Twitter Follow Open Main Version In Colab Open Classification Version In Colab

Overview

Prompt engineering is kind of like alchemy. There's no clear way to predict what will work best. It's all about experimenting until you find the right prompt. gpt-prompt-engineer is a tool that takes this experimentation to a whole new level.

Simply input a description of your task and some test cases, and the system will generate, test, and rank a multitude of prompts to find the ones that perform the best.

Features

Setup

  1. Open the notebook in Google Colab or in a local Jupyter notebook. For classification, use this one.

  2. Add your OpenAI API key to the line openai.api_key = "ADD YOUR KEY HERE".

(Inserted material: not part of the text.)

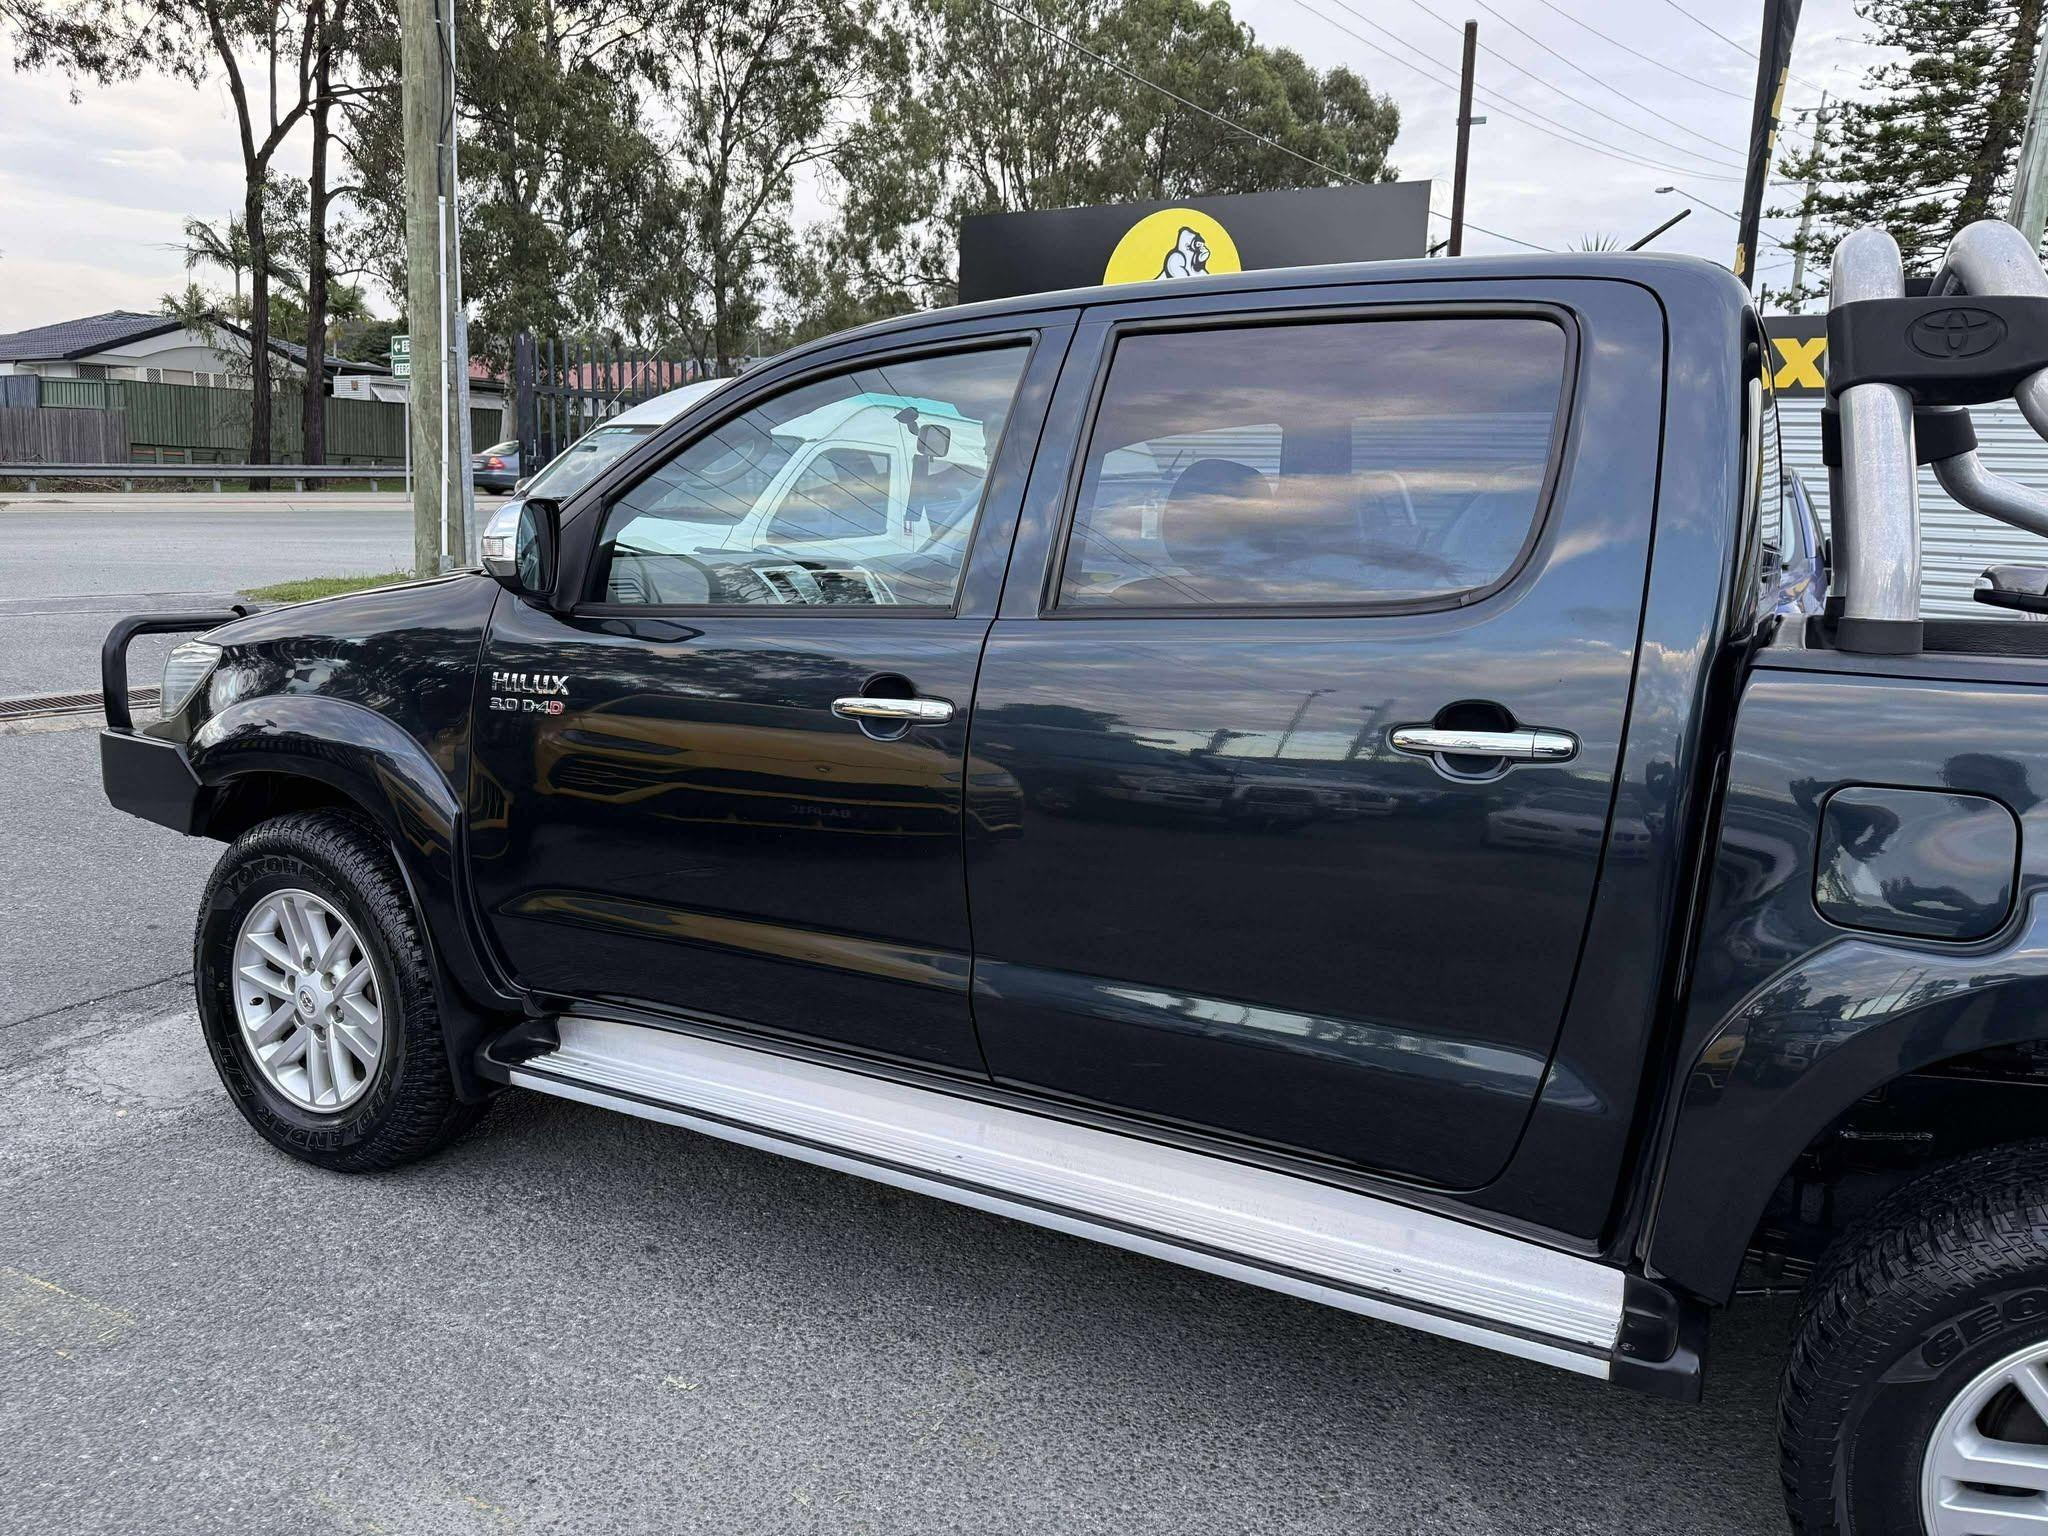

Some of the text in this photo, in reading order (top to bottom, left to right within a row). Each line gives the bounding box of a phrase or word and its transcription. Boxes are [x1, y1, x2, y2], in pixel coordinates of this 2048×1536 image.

  3. If you have GPT-4 access, you're ready to move on. If not, change CANDIDATE_MODEL='gpt-4' to CANDIDATE_MODEL='gpt-3.5-turbo'. If you're using the classification version, and don't have GPT-4 access, change model='gpt-4' in the second cell to model='gpt-3.5-turbo'.

How to Use

  1. Define your use-case and test cases. The use-case is a description of what you want the AI to do. Test cases are specific prompts that you would like the AI to respond to. For example:
description = "Given a prompt, generate a landing page headline." # this style of description tends to work well

test_cases = [
    {
        'prompt': 'Promoting an innovative new fitness app, Smartly',
    },
    {
        'prompt': 'Why a vegan diet is beneficial for your health',
    },
    {
        'prompt': 'Introducing a new online course on digital marketing',
    },
    {
        'prompt': 'Launching a new line of eco-friendly clothing',
    },
    {
        'prompt': 'Promoting a new travel blog focusing on budget travel',
    },
    {
        'prompt': 'Advertising a new software for efficient project management',
    },
    {
        'prompt': 'Introducing a new book on mastering Python programming',
    },
    {
        'prompt': 'Promoting a new online platform for learning languages',
    },
    {
        'prompt': 'Advertising a new service for personalized meal plans',
    },
    {
        'prompt': 'Launching a new app for mental health and mindfulness',
    }
]

For the classification version, your test cases should be in the format:

test_cases = [
    {
        'prompt': 'I had a great day!',
        'output': 'true'
    },
    {
        'prompt': 'I am feeling gloomy.',
        'output': 'false'
    },
    // add more test cases here
]
  1. Choose how many prompts to generate. Keep in mind, this can get expensive if you generate many prompts. 10 is a good starting point.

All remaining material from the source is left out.